== Record set ==

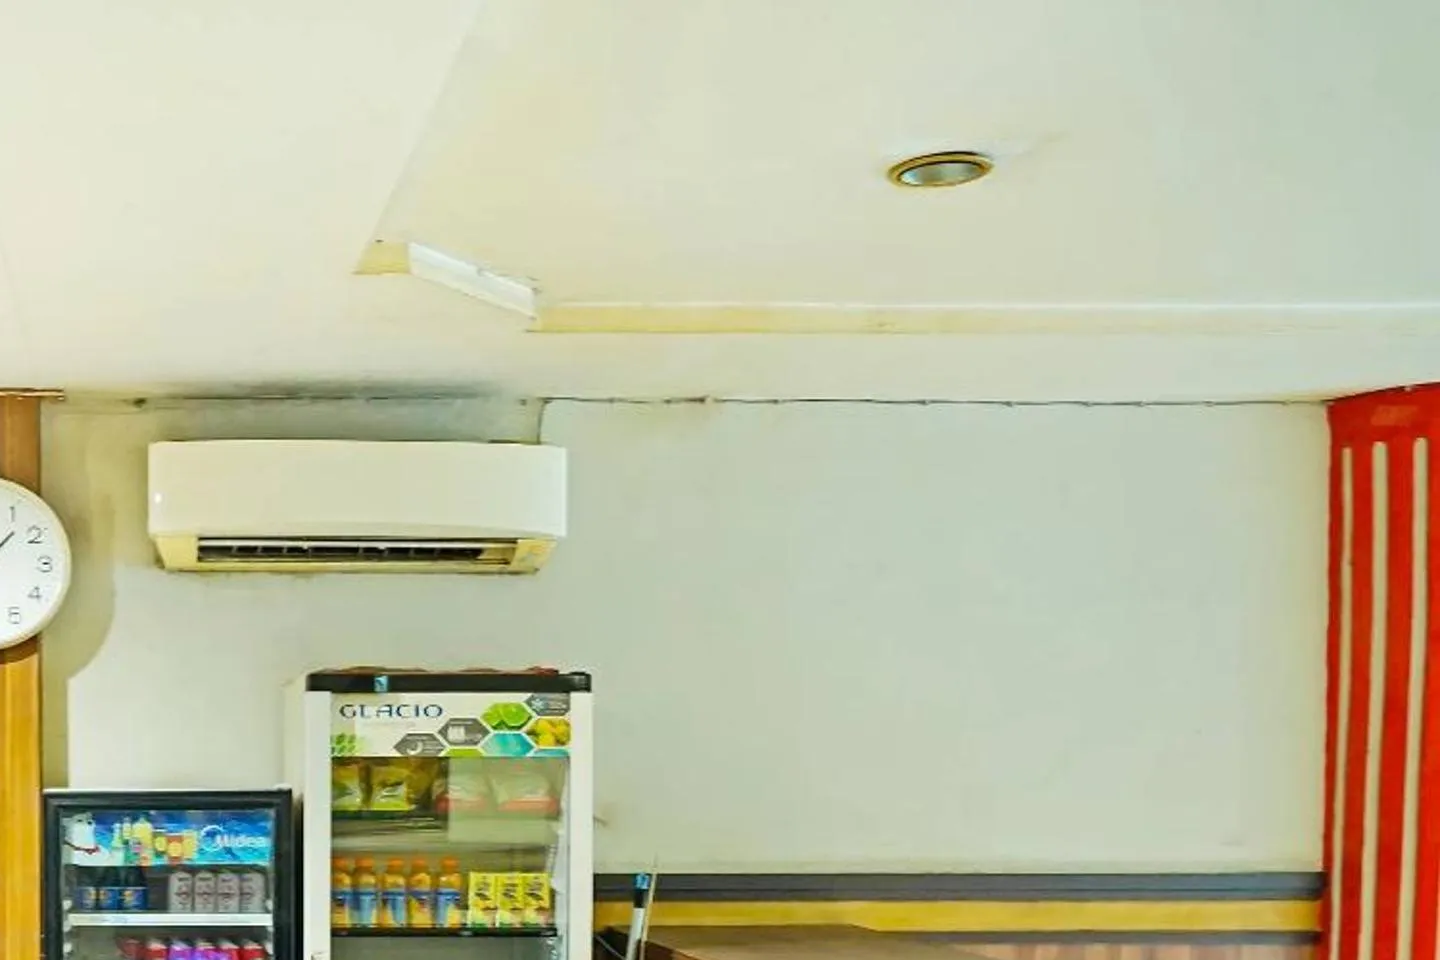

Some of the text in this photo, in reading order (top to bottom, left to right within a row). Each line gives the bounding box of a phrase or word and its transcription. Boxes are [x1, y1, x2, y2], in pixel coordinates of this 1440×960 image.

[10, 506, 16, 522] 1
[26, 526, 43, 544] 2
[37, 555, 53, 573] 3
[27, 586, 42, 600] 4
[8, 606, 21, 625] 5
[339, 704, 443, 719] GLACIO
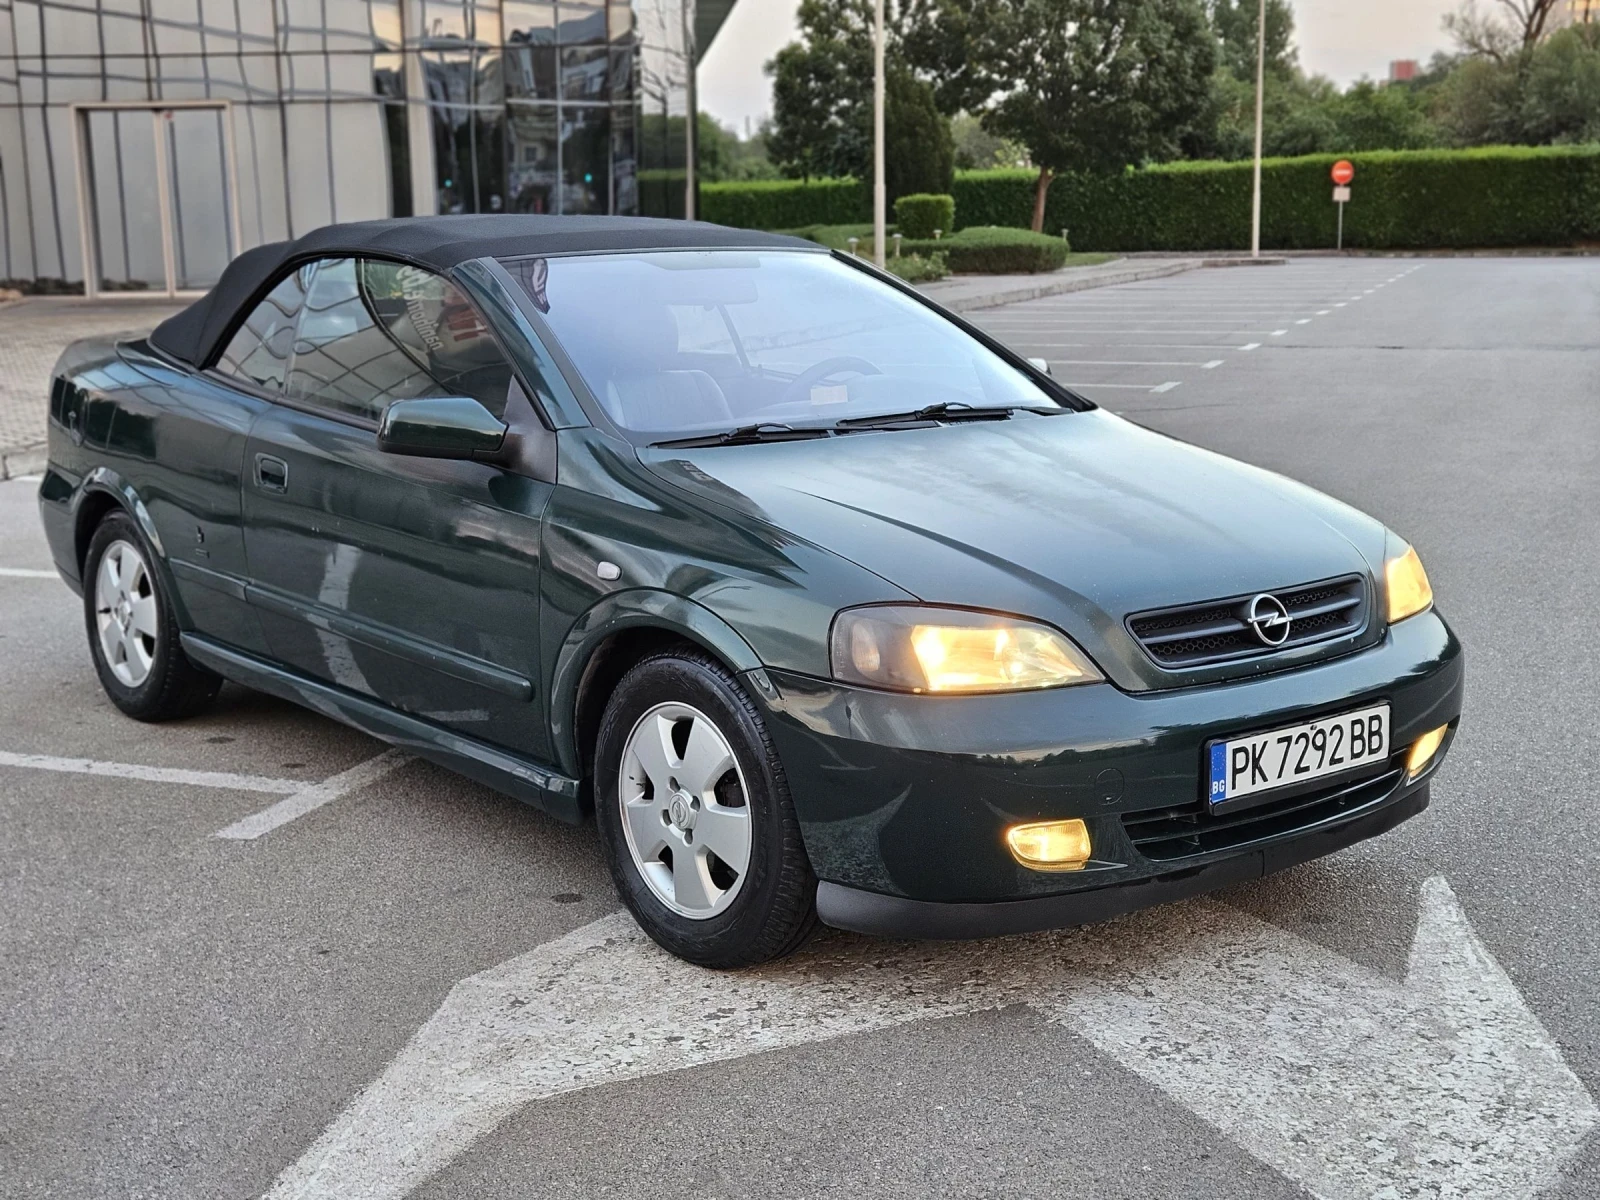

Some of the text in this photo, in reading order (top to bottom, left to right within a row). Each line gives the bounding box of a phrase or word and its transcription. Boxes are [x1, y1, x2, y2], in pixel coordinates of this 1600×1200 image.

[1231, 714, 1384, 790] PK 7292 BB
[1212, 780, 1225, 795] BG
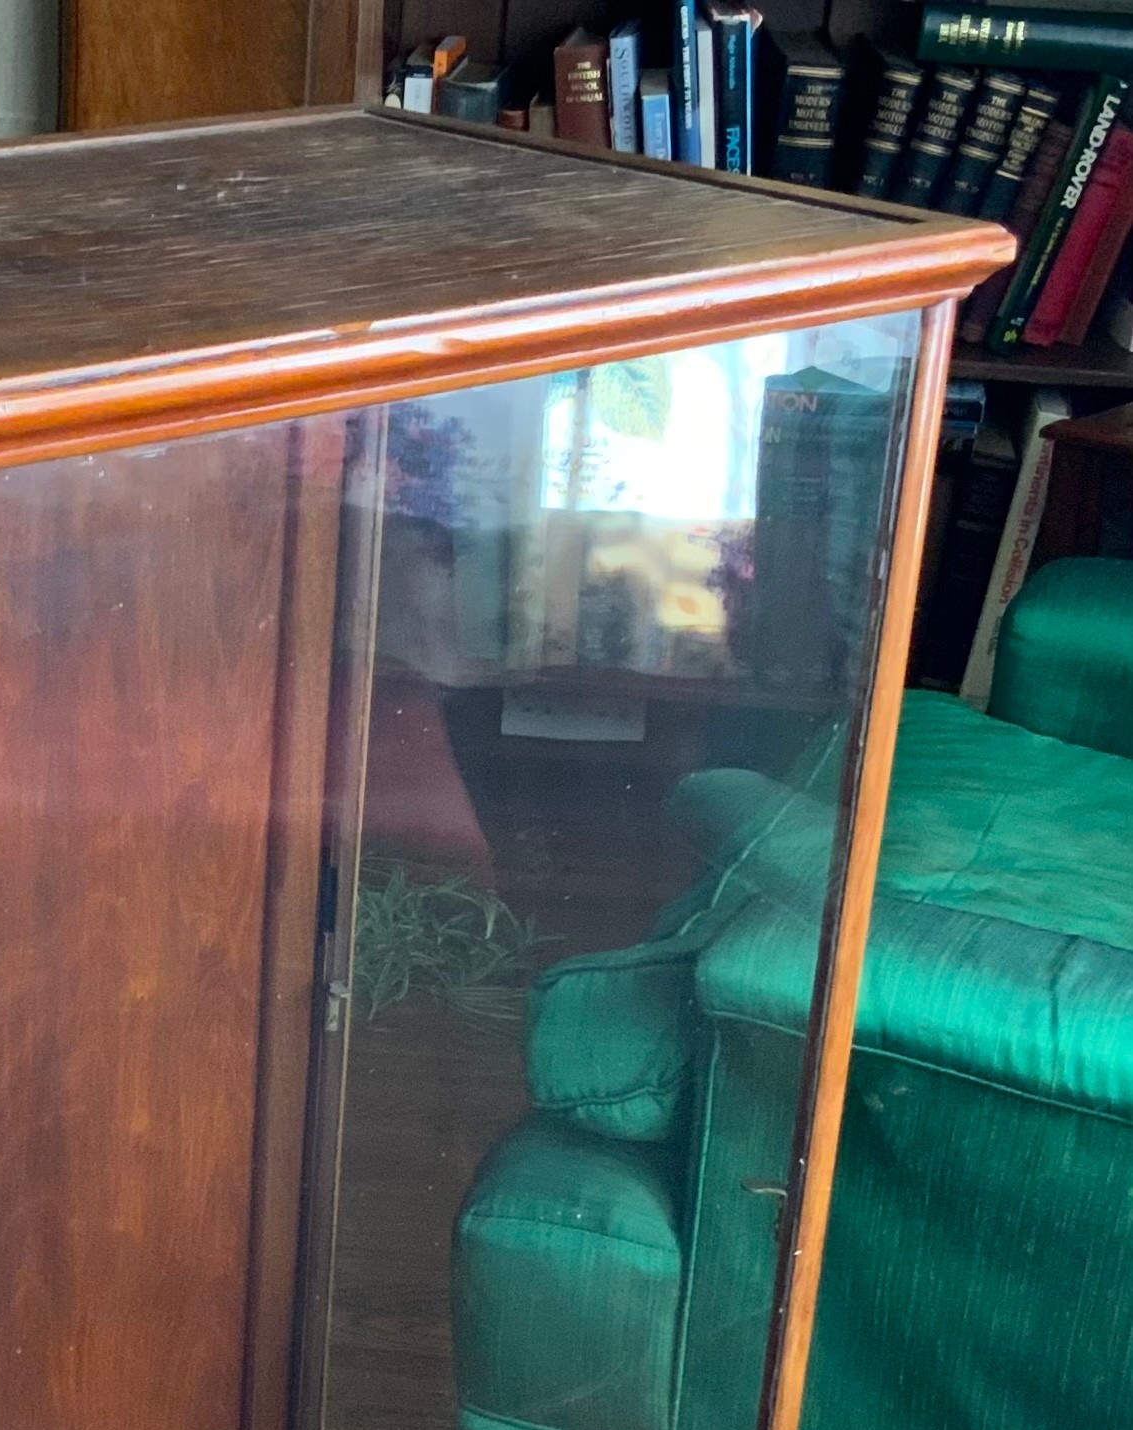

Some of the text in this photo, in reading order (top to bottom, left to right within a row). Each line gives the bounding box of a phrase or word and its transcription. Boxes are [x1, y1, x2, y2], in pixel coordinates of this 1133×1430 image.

== About this exercise ==
Everything in the data above gets copied exactly. Only the pictures are skipped.

== Written reply ==
Some of the text in this photo, in reading order (top to bottom, left to right within a row). Each line gives the bounding box of a phrase or word and its transcription. Boxes are [x1, y1, x2, y2], in pixel coordinates of this 1440×960 image.

[10, 506, 16, 522] 1
[26, 526, 43, 544] 2
[37, 555, 53, 573] 3
[27, 586, 42, 600] 4
[8, 606, 21, 625] 5
[339, 704, 443, 719] GLACIO

Some of the text in this photo, in reading order (top to bottom, left to right within a row). Each line gives the bounding box of a phrase or word and its transcription. Boxes are [x1, y1, x2, y2], in pixel coordinates of this 1600×1200 image.

[1231, 714, 1384, 790] PK 7292 BB
[1212, 780, 1225, 795] BG

Some of the text in this photo, in reading order (top to bottom, left to right within a row). Each line gives the bounding box of a phrase or word and its transcription. Boxes are [x1, y1, x2, y2], in pixel coordinates of this 1133×1430 image.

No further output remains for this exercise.